■ About this task ■
Your task is to restate every entry below word for word and omit the images.

■ Records provided ■
================
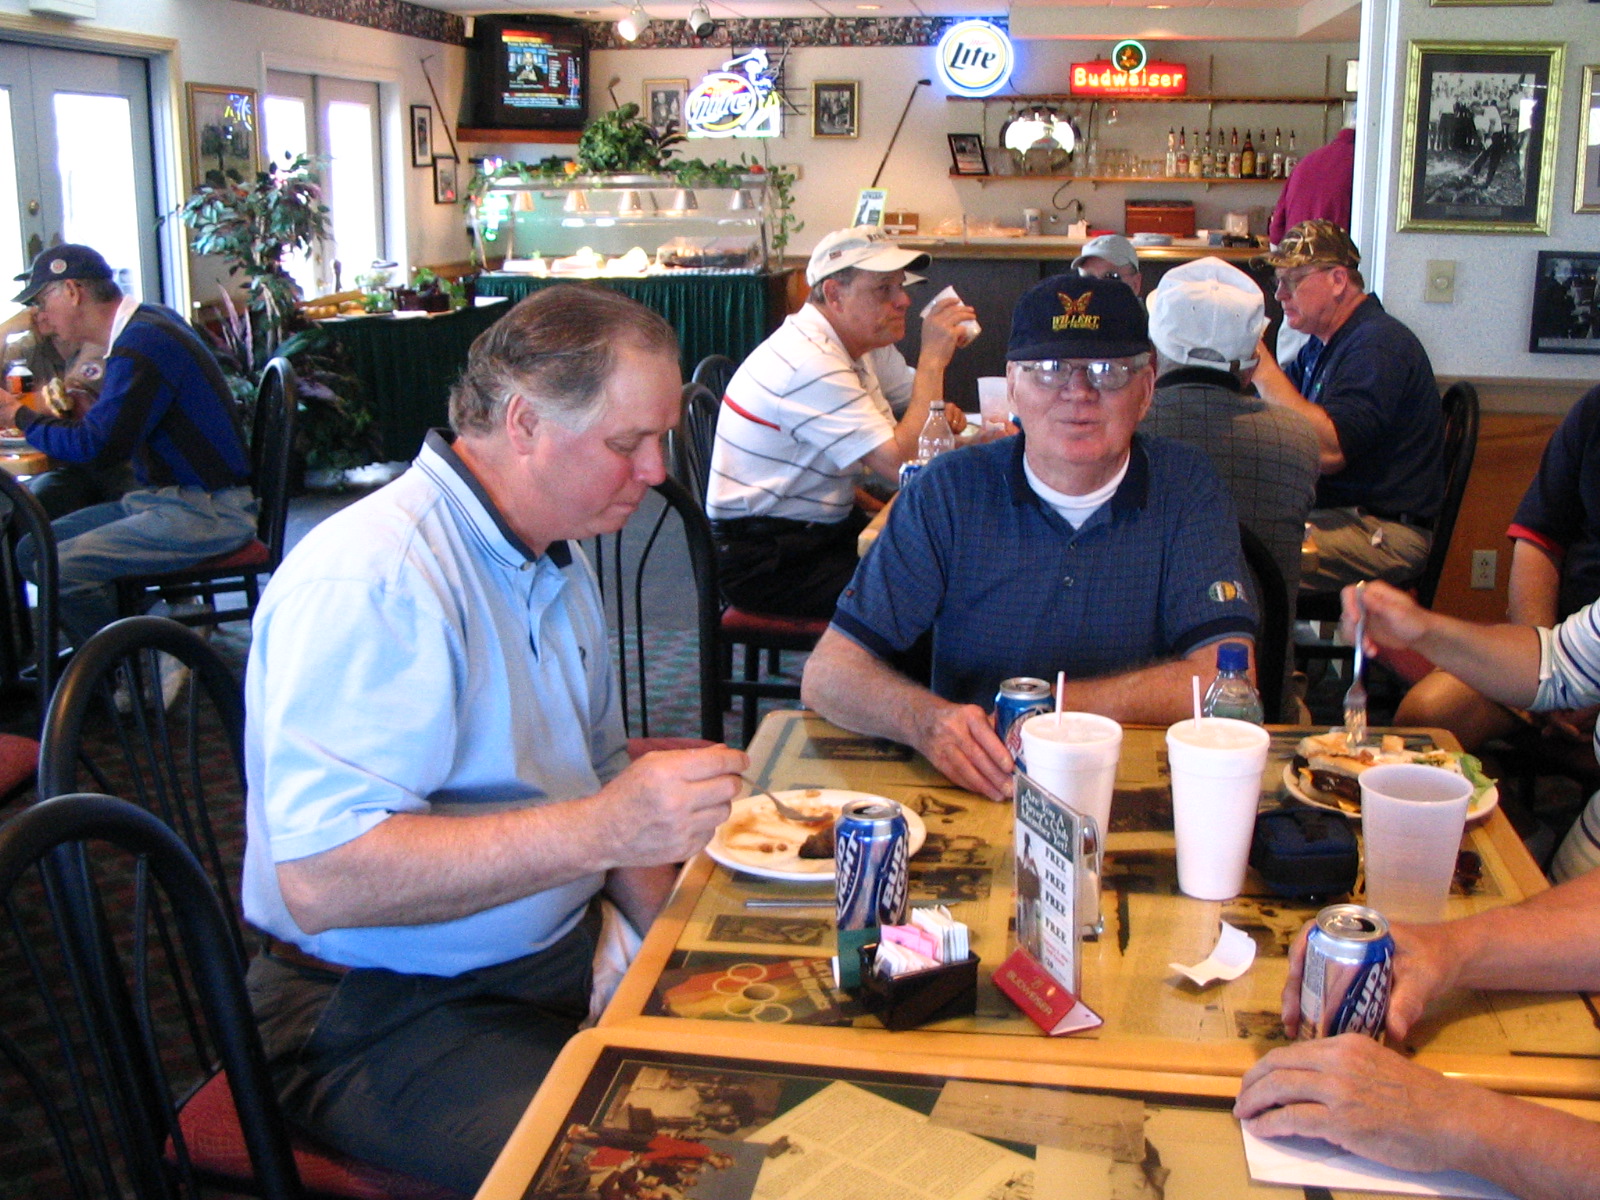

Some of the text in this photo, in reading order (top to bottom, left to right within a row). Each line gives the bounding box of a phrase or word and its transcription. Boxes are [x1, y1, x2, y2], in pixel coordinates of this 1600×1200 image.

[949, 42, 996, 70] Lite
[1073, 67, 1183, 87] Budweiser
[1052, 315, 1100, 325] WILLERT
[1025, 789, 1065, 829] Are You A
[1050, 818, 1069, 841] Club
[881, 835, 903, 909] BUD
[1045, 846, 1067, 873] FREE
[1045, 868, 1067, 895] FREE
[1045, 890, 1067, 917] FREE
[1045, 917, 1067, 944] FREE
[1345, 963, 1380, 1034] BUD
================
■ Output ■
Some of the text in this photo, in reading order (top to bottom, left to right within a row). Each line gives the bounding box of a phrase or word and its transcription. Boxes are [x1, y1, x2, y2], in pixel coordinates of this 1600×1200 image.

[949, 42, 996, 70] Lite
[1073, 67, 1183, 87] Budweiser
[1052, 315, 1100, 325] WILLERT
[1025, 789, 1065, 829] Are You A
[1050, 818, 1069, 841] Club
[881, 835, 903, 909] BUD
[1045, 846, 1067, 873] FREE
[1045, 868, 1067, 895] FREE
[1045, 890, 1067, 917] FREE
[1045, 917, 1067, 944] FREE
[1345, 963, 1380, 1034] BUD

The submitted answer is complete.